でも、勤勉が嫌いじゃない日本人だから、「明日から人生を楽しめ!」って言われたってどうしていいかわからない、それなら引き続き働くか、ってことになる。

この思考回路を利用して75歳まで働かせようと画策しているわけですよ。

 

人生を楽しむ、って発想が今の20代の若者あたりから定着しているから、あと30年~40年もすれば定年時期と年期支給開始時期への強烈な不満が爆発するはず。

働き方改革で残業規制に目を光らせていたとしても、“俺の人生は働くためにあるわけじゃない!”って考える人が大半になるでしょ。人生の楽しみ方を存分にしっている人達は、リタイアを一つの節目として人生プランを立てるじゃないですか。

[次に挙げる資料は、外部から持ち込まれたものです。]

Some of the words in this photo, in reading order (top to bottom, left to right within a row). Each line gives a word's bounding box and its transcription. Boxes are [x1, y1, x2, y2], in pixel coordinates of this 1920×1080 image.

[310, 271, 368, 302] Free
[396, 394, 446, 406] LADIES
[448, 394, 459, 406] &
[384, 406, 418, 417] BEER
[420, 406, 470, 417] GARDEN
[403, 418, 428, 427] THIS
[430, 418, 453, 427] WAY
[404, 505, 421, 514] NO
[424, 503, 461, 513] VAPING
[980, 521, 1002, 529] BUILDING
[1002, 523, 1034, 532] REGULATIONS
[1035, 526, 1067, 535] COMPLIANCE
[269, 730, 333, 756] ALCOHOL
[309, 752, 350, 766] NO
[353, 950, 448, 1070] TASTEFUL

そのリタイアの時期が70歳、75歳だなんておかしいだろう、って怒り心頭するわけですよ。

  

問題の根源を少子化と見誤るな、問題を悪化させるな

 

少子化によって働き手が減少し、そのぶん納税額が減っている、という理屈が一般的ですね。

でも、実情は違う。

 

日本って生産性を考えると世界でも相当、低い順位なんですよ。一人当たりが稼ぎ出す額が低い国なんです。

そこにもってきて、定年退職の年齢を上げて労働力を補おうとしている。

みなさんが働く勤め先で、60歳以上の社員がどんなふうに活躍しているか見てください。すくなくとも、オレの勤める会社では仕事してないですね。

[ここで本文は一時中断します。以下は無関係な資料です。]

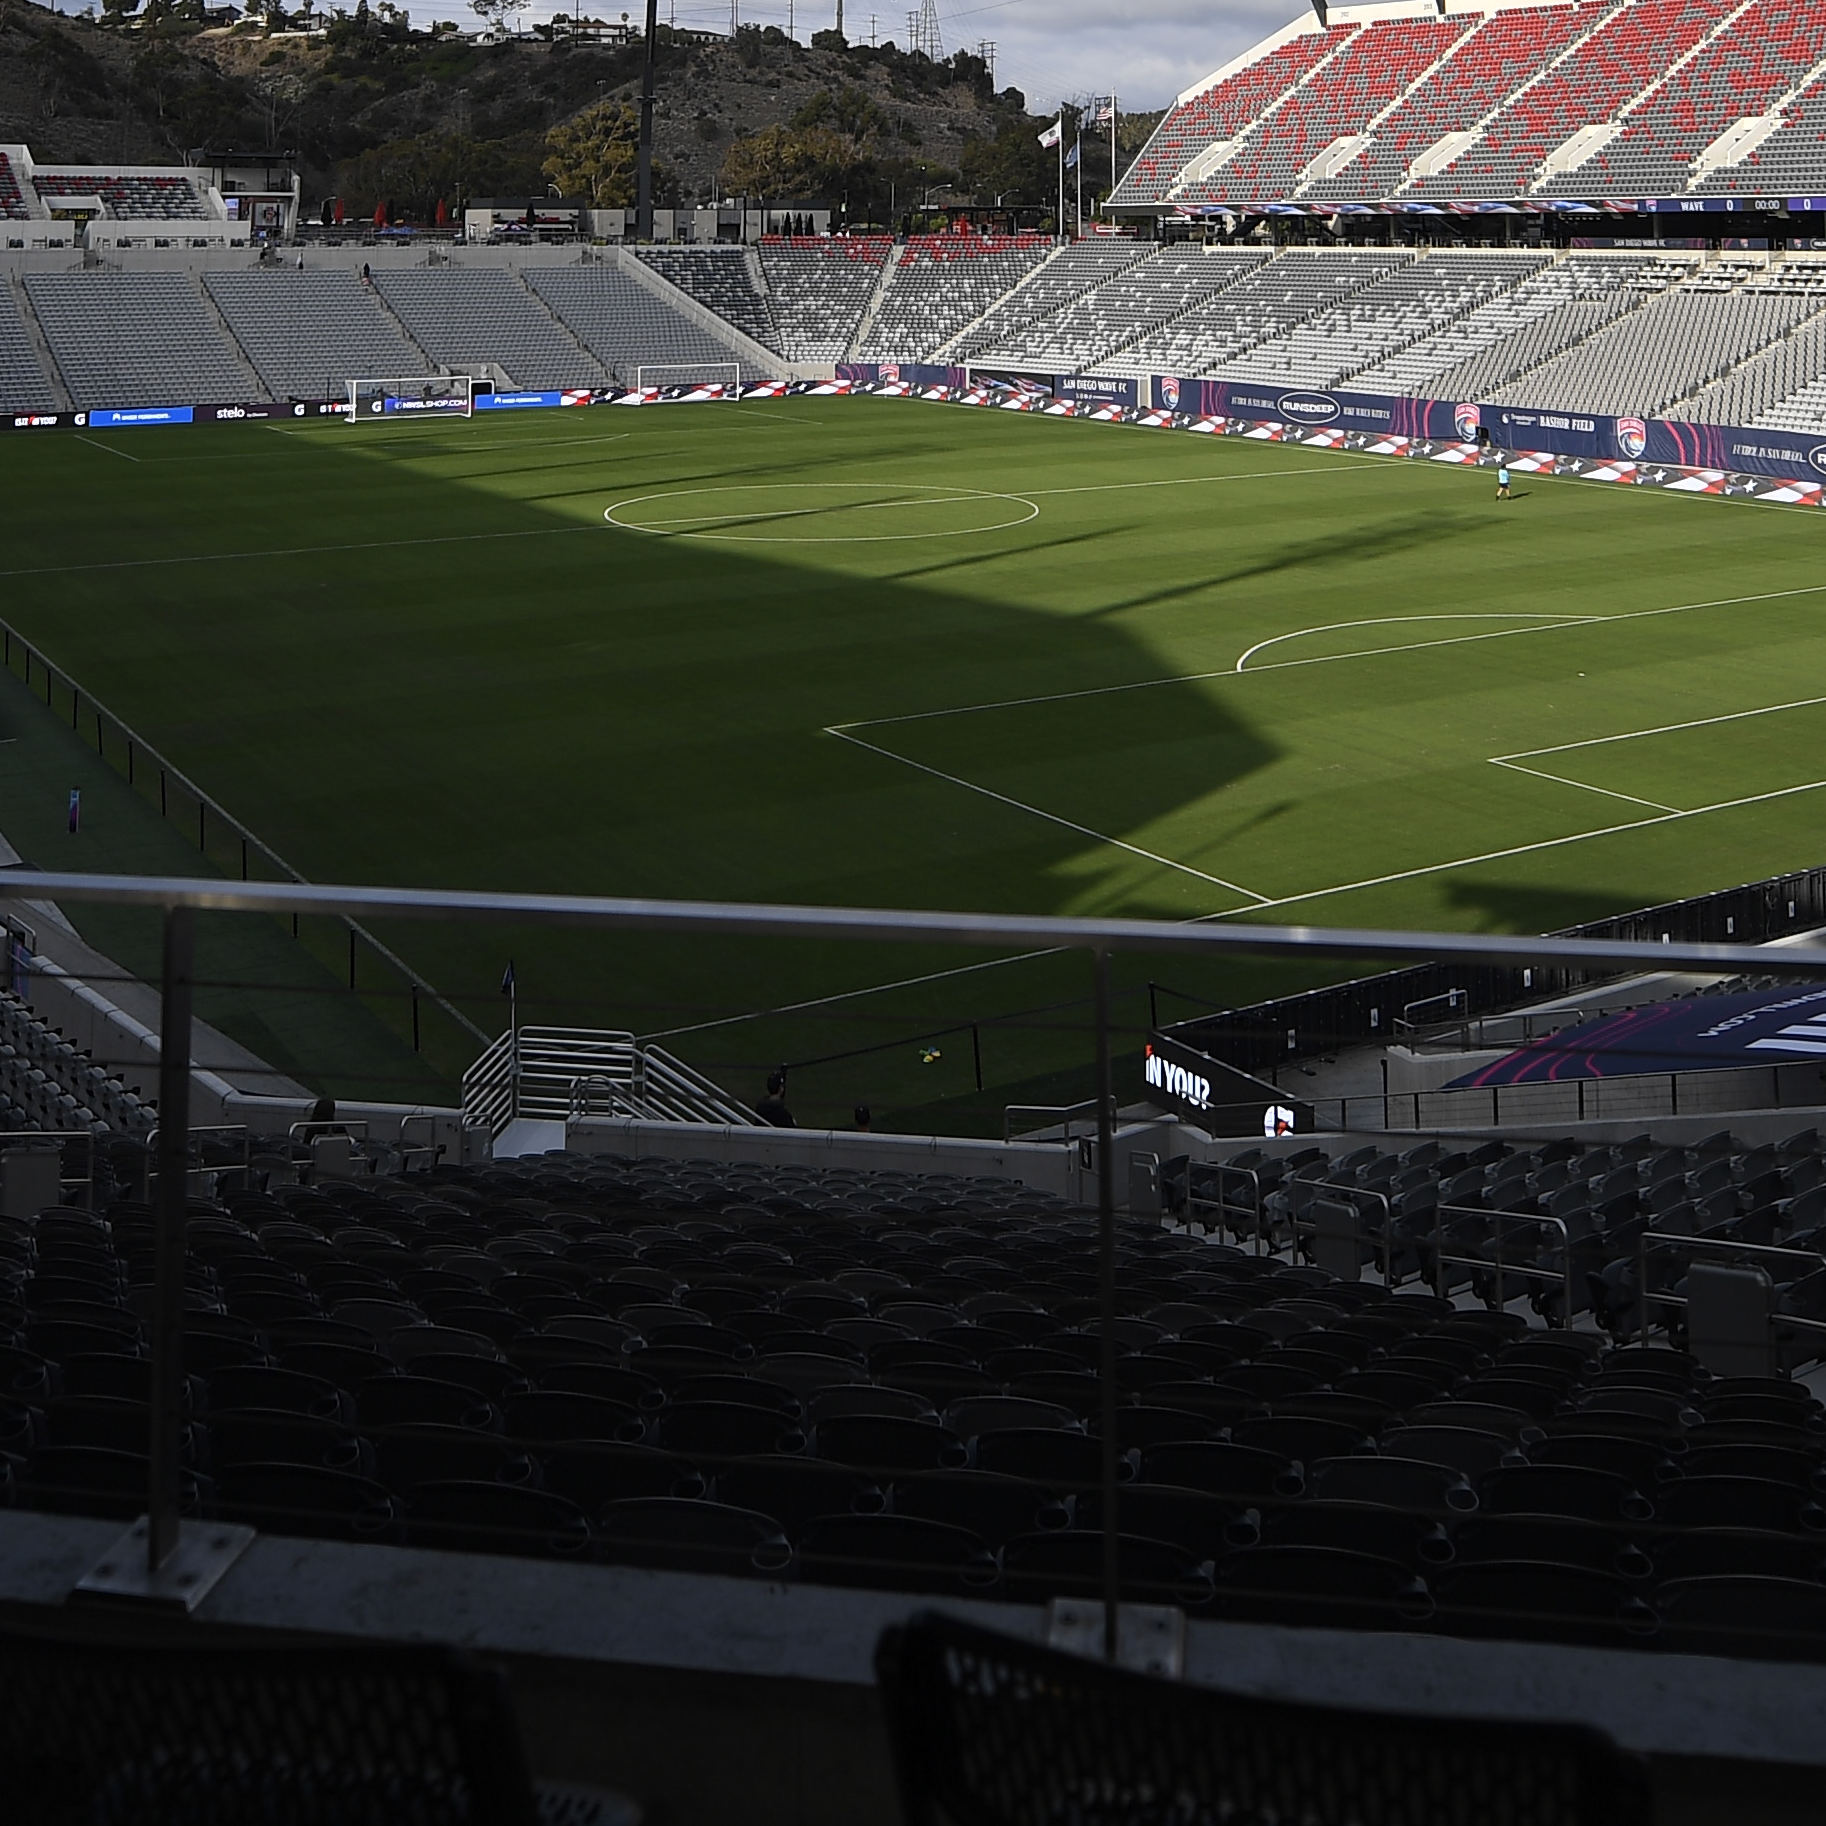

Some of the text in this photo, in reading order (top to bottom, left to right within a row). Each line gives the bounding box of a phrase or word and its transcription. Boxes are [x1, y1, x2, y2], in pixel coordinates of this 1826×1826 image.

[1681, 201, 1705, 212] WAVE
[1726, 200, 1734, 212] 0
[1803, 199, 1811, 210] 0
[217, 406, 246, 418] stelo
[1571, 418, 1595, 432] FIELD
[1145, 1052, 1211, 1111] IN YOU?

やる気もないし、実際、ほとんど役に立っていない。ただ時間どおり出勤して、時間どおりに帰っていくだけ。生産性をどんどん下げていってる。

 

かれらは年金がもらえるなら、仕事なんかしたくないですよ。

“労働力を補う“を口実に定年退職の年齢を引き上げているように見せかけて、ただ年金の支給時期を遅らせたいだけなんです。

これを遅らせられないと腹をくくらないと、本当の対策が打てないんですよ。

 

労働力だけの問題なら人工知能で充分補えるし、外国からの出稼ぎ労働者を使えばどうにでもなる。リタイアした人への年金が払えないのが問題なら、そこをメインに考えないと本当の答えが見えてこないでしょ。

 

60歳以上の方々が就く職種と、その対応方法はこんな感じですかね。

 

  • それまでの職場での事務職 ⇒ 生産性を上げる
  • ビルの警備係り ⇒ ロボットで対応
  • 道路の交通整理 ⇒ 車に搭載したAIで対応
  • 駐車場の整理係り ⇒ 車に踏査したAIで対応
  • 介護関係 ⇒ 外国労働者

  

車の自動運や車庫入れ技術がここまで進歩しているのだから、それらを応用すれば街中の交通整理なんて全て対応可能だし、ビルの警備だって専用ロボットで対応できるでしよ。もちろん、社内の生産性を上げる努力も必要。

  

問題を列挙してみると、こんな感じ

  

      年金制度が破綻しかかっている。

      65歳までは年金を払えない(払うとなると目減りする)。

      65歳までは数千万円の貯金がない人は自分で稼いで生活しろ。

      少子高齢化で労働力が不足している。

      元気なうちは働いた方がいいのではないか。

      退職しても時間を持て余し、良い事はない。

 

こんな問題をごちゃ混ぜにしながら、定年退職を70歳に引き上げる討議が国会に提案されるわけです。

 

状況を整理すれば、そんなに込み入った問題ではないんです。現実問題とモチベーションをたかくもちながら生きるには、みたいなのを混ぜるからややこしくなる。

解決策は人に替われるテクノロジー精度を早急に確立すること、海外からの労働力を受け入れる事、生産性の低い現状を改善することの3つなのです。